Ich habe in der Tat schlaflose Nächte. Das beeinträchtigt meine Begeisterung für Menschenrechte trotzdem nicht. Und es macht mir Hoffnung, dass insbesondere junge Menschen weltweit gegen Unterdrückung und für die Freiheit auf die Straße gehen.
Sie geben allerdings selbst zu, dass es trotz Ihrer Warnungen zu Massakern im Sudan gekommen ist. Frustriert Sie das nicht?
Wir haben nicht die Macht, solche Gräueltaten zu verhindern. Dennoch ist es uns immer wieder auch gelungen, Schlimmeres zu verhindern, sogar Bürgerkriege.
Mit Menschenrechten kann man keine Deals machen. Sie sind ein moralischer und juristischer Kompass.
Volker Türk, Hoher Kommissar für Menschenrechte
Wo zum Beispiel?
Die Situation in Bangladesch etwa hätte völlig außer Kontrolle geraten können. Dort war es im August 2024 zu schweren Unruhen gegen die autoritäre Regierung mit Hunderten Toten gekommen. Unsere Gespräche mit allen – zusammen mit unseren klaren öffentlichen Stellungnahmen – haben meiner Meinung nach zur Beruhigung der Lage beigetragen.
Bedauern Sie, dass sich Ihre Amtsbefugnisse aufs Dokumentieren, Mahnen und Anprangern beschränken?
Nein.
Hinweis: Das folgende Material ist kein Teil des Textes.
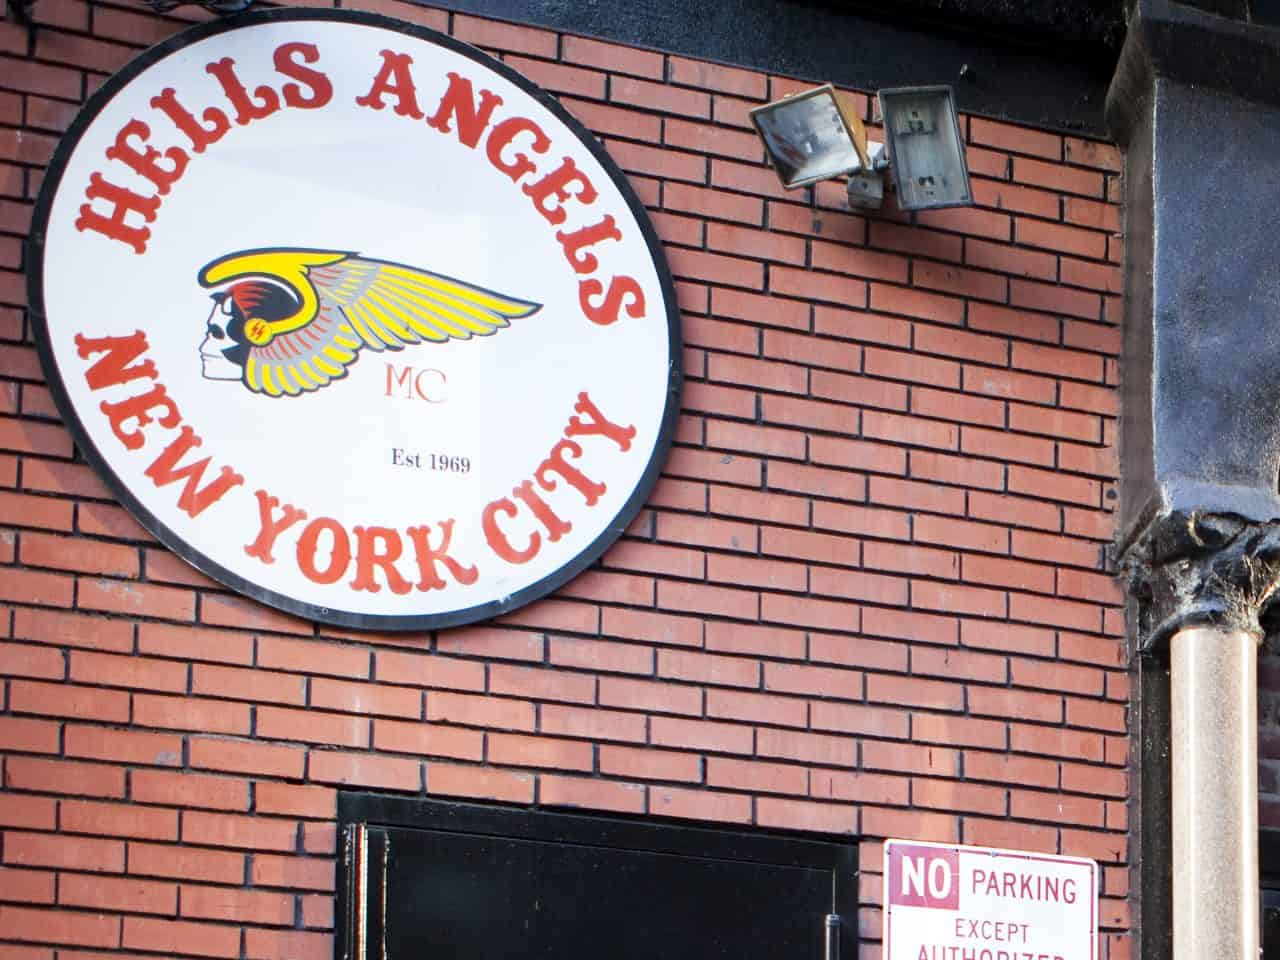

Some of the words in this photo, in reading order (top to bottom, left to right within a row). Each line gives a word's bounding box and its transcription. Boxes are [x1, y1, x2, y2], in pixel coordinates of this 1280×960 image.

[75, 41, 333, 255] HELLS
[356, 49, 646, 327] ANGELS
[384, 362, 448, 404] MC
[74, 329, 244, 519] NEW
[243, 489, 480, 595] YORK
[481, 391, 637, 564] CITY
[392, 448, 422, 469] Est
[430, 453, 471, 473] 1969
[901, 855, 951, 899] NO
[971, 869, 1077, 905] PARKING
[955, 918, 1030, 944] EXCEPT
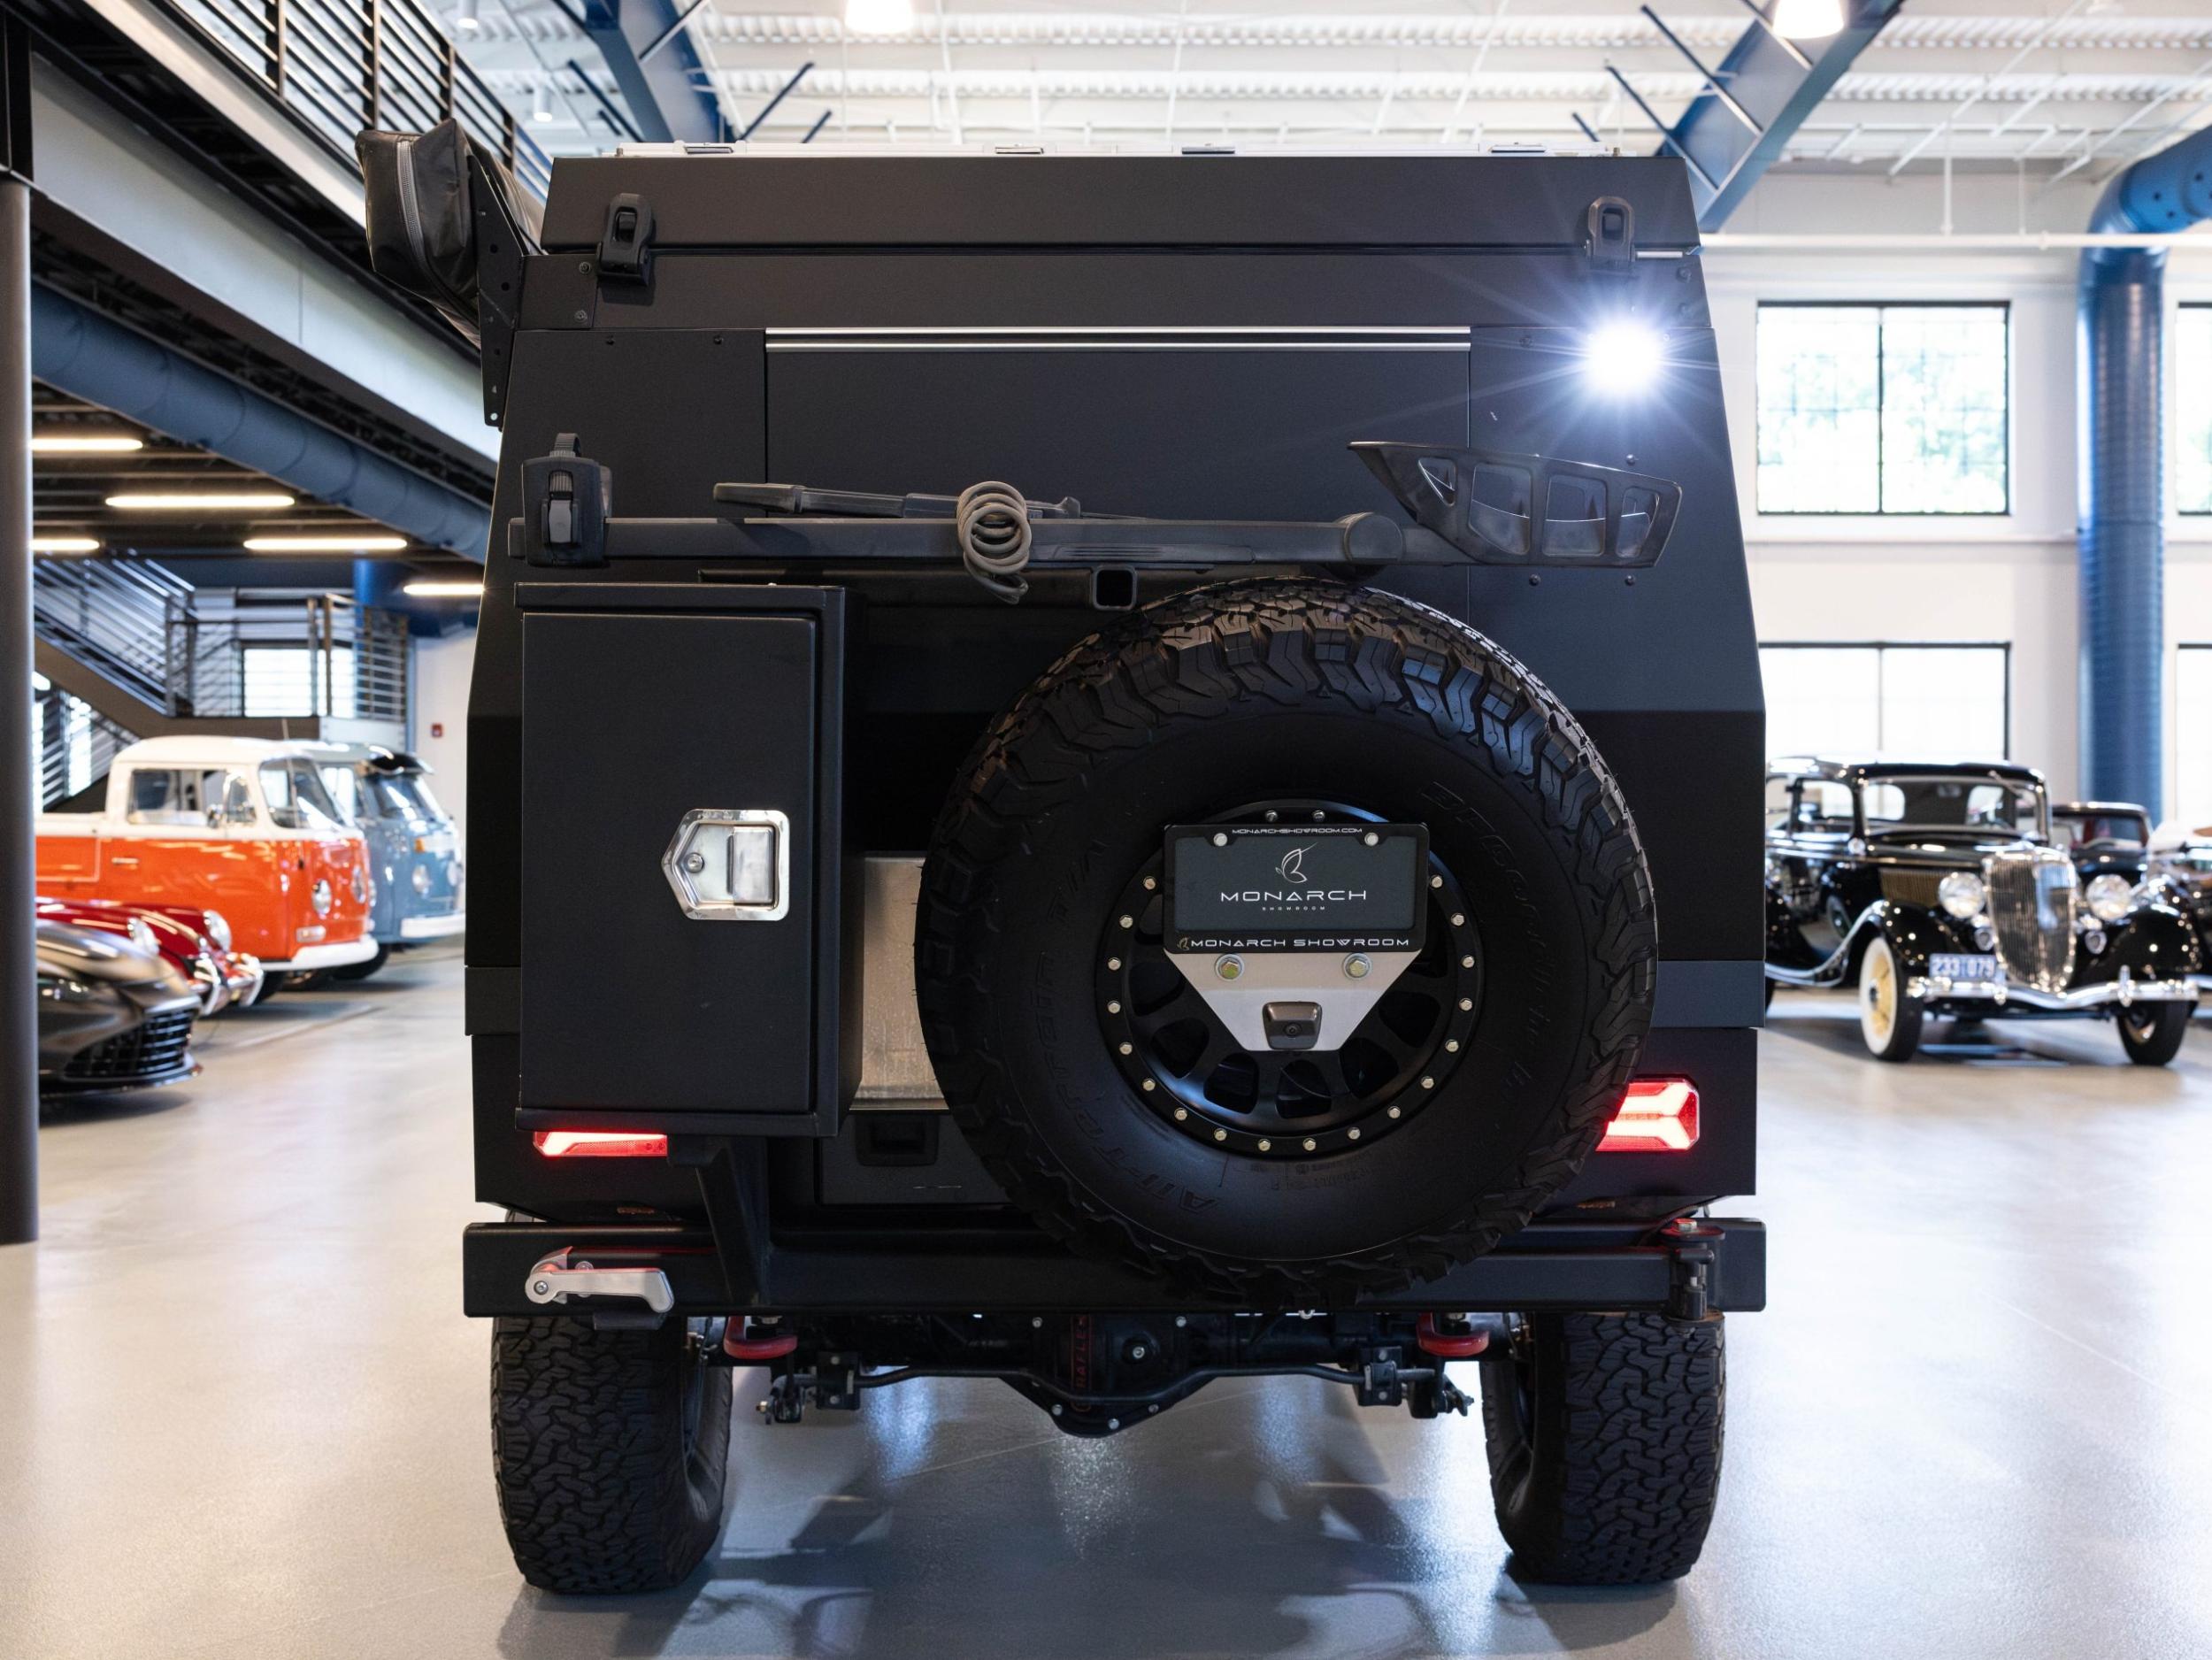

Uns ist es vergangenes Jahr gelungen, mehr als 3000 politische Gefangene aus Haftanstalten freizubekommen – mit Verhandlungsgeschick.
Und: Wir sind für viele verfolgte Menschen, die keine Stimme haben, eine Art Hoffnungsträger. Wichtig ist immer, mit allen zu reden. Und den Tätern deutlich zu machen, dass Ihr Vorgehen sehr wohl Konsequenzen für sie haben kann. Wenn man ihnen gegenübersitzt, lautet die Devise: Auf keinen Fall lächeln.
Von Ihnen wird auch Geschick erwartet. Während des Gaza-Kriegs ist ihnen vorgeworfen worden, zu sehr das Vorgehen der israelischen Armee zu kritisieren, aber zu wenig die Verbrechen der Hamas. Wie schwierig ist es in Ihrem Amt, das richtige Maß zu finden?
Diesen Vorwurf weise ich aufs Schärfste zurück. Ich habe stets auch die Grausamkeiten der Hamas beim Namen genannt. Ich konnte jedoch nicht dazu schweigen, was Israel im Gazastreifen Schreckliches an schweren Menschenrechtsverletzungen begangen hat. Es geht nicht ums Abwägen. Sondern darum, diese klar zu benennen. Egal, wer sie begeht. Deshalb ist der UN-Hochkommissar für Menschenrechte nie populär.